Das verschafft Athen neue Luft für seine hektischen Krisenverhandlungen mit den Geldgebern.

Eigentlich hätte Athen bereits am heutigen Freitag gut 300 Millionen Euro an den IWF zahlen müssen. Wie es aus dem Athener Finanzministerium hieß, will Griechenland die insgesamt knapp 1,6 Milliarden Euro nun am 30. Juni überweisen. Athener Experten werteten diese Lösung als Schritt auf dem Weg, eine Einigung mit den Geldgebern mehr nach griechischen Vorstellungen zu erreichen.

Nach Informationen der "Welt" und des "Handelsblatts" könnte die EU-Kommission einen alten Athener Plan aufgreifen und ungenutzte 10,9 Milliarden Euro für die Bankenrettung für Griechenland umwidmen. Dies könne Athen über den Sommer retten. Das ungenutzte Geld floss an den Euro-Rettungsschirm EFSF zurück.
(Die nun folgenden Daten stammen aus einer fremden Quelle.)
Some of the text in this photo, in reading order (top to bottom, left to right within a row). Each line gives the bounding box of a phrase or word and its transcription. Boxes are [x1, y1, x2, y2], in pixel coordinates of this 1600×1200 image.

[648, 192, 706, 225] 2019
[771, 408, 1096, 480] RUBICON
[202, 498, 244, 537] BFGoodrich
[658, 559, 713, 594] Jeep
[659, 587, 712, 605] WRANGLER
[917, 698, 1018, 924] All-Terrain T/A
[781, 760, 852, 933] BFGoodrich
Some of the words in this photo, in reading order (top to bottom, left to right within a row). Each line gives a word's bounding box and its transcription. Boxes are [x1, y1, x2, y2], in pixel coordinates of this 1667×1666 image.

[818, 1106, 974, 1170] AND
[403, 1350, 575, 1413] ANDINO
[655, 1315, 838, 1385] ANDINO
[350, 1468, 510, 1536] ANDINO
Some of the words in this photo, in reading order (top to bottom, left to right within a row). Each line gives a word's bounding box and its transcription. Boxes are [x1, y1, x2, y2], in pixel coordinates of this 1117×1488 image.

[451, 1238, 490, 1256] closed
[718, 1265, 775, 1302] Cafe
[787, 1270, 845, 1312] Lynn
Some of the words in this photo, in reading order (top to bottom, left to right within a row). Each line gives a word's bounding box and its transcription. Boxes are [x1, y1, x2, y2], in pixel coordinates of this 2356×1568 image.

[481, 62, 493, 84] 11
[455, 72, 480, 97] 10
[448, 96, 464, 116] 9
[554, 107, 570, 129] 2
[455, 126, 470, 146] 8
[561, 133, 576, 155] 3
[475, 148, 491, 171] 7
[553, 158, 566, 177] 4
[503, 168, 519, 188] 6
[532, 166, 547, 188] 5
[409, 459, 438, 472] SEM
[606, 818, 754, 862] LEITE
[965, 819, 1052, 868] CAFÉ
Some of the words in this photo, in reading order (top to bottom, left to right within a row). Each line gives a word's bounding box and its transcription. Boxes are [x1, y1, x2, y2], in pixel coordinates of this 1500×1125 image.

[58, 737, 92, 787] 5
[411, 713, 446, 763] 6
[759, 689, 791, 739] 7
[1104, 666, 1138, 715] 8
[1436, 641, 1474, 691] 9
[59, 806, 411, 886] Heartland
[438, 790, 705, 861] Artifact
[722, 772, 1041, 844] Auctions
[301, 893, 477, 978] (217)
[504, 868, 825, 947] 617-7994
Voraussetzung für die Umwidmung sei eine Verlängerung des Ende Juni auslaufenden Rettungsprogramms für Griechenland, wozu die Zustimmung des Bundestags nötig sei. Aus dem laufenden Hilfsprogramm stehen noch 7,2 Milliarden Euro aus. Allein im Juni muss Athen neben den knapp 1,6 Milliarden Euro IWF-Krediten 5,2 Milliarden Euro Staatsanleihen zurückzahlen.